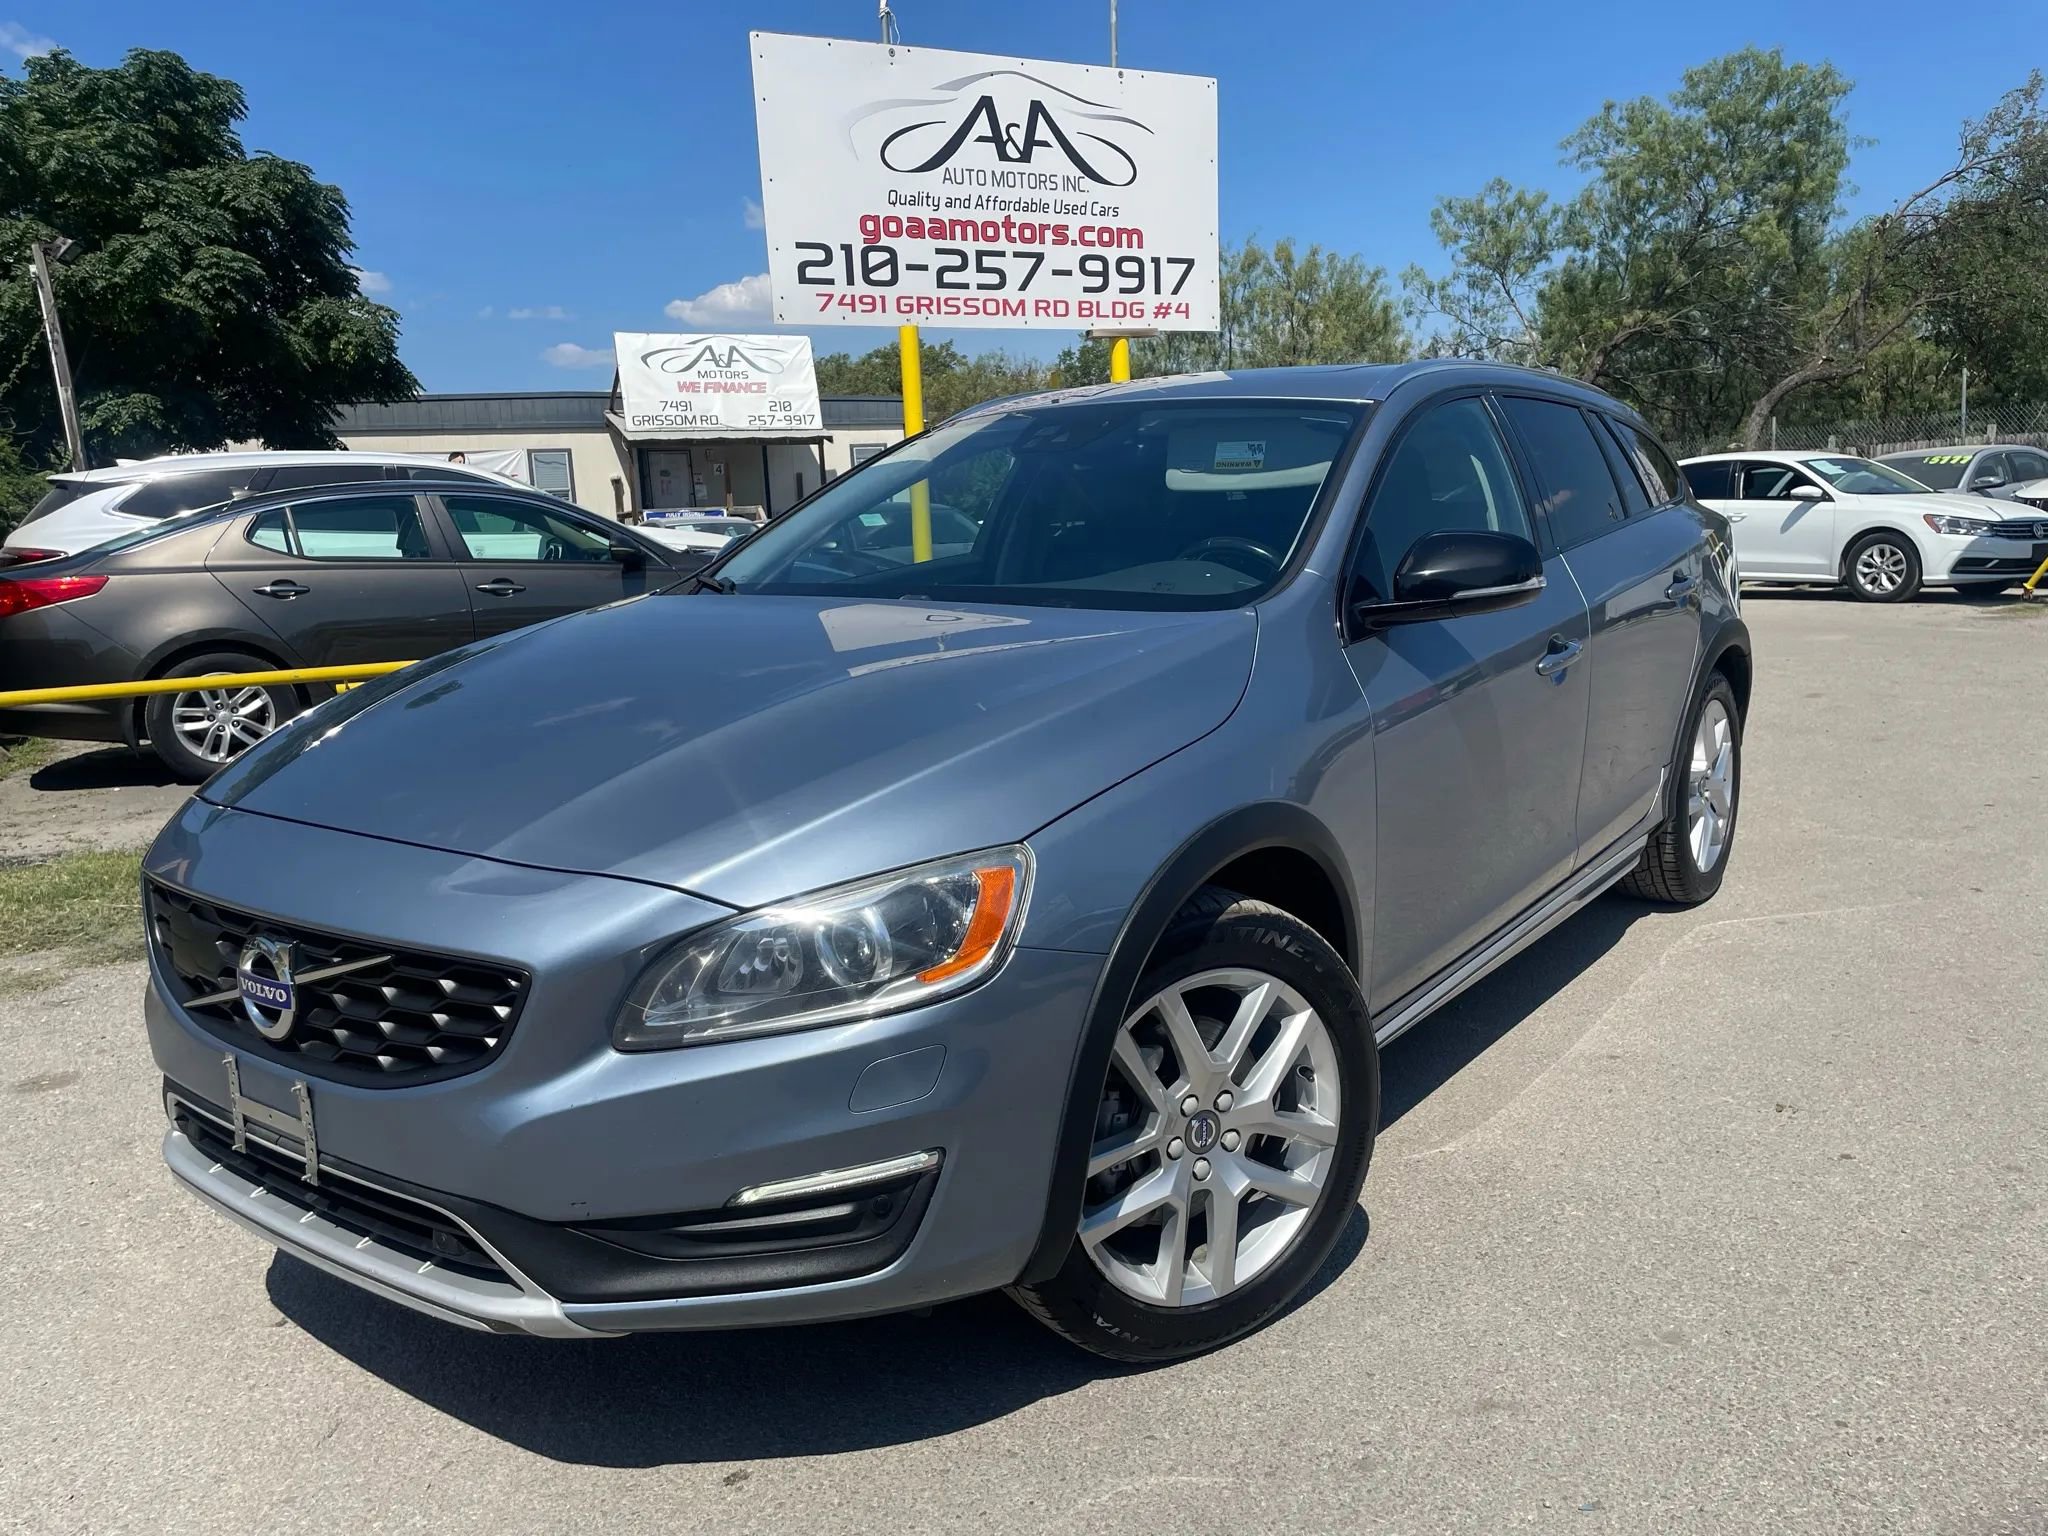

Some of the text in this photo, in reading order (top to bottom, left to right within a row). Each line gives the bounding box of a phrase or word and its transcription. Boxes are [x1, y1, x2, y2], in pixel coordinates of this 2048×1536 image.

[942, 166, 1090, 194] AUTO MOTORS INC.
[887, 189, 1120, 218] Quality and Affordable Used Cars
[859, 213, 1144, 249] goaamotors.com
[795, 241, 1195, 295] 210-257-9917
[816, 293, 1190, 320] 7491 GRISSOM RD BLDG #4
[697, 370, 749, 380] MOTORS
[677, 381, 767, 394] WE FINANCE
[659, 400, 693, 412] 7491
[768, 400, 792, 412] 210
[632, 414, 697, 427] GRISSOM
[748, 414, 815, 426] 257-9917
[715, 464, 722, 474] 4
[239, 976, 287, 1003] VOLVO

+ + + + +

== EXERCISE ==
Omitting all pictures, set the listing down exactly.

== RESPONSE BOX ==
Some of the text in this photo, in reading order (top to bottom, left to right within a row). Each line gives the bounding box of a phrase or word and its transcription. Boxes are [x1, y1, x2, y2], in pixel coordinates of this 2048×1536 image.

[942, 166, 1090, 194] AUTO MOTORS INC.
[887, 189, 1120, 218] Quality and Affordable Used Cars
[859, 213, 1144, 249] goaamotors.com
[795, 241, 1195, 295] 210-257-9917
[816, 293, 1190, 320] 7491 GRISSOM RD BLDG #4
[697, 370, 749, 380] MOTORS
[677, 381, 767, 394] WE FINANCE
[659, 400, 693, 412] 7491
[768, 400, 792, 412] 210
[632, 414, 697, 427] GRISSOM
[748, 414, 815, 426] 257-9917
[715, 464, 722, 474] 4
[239, 976, 287, 1003] VOLVO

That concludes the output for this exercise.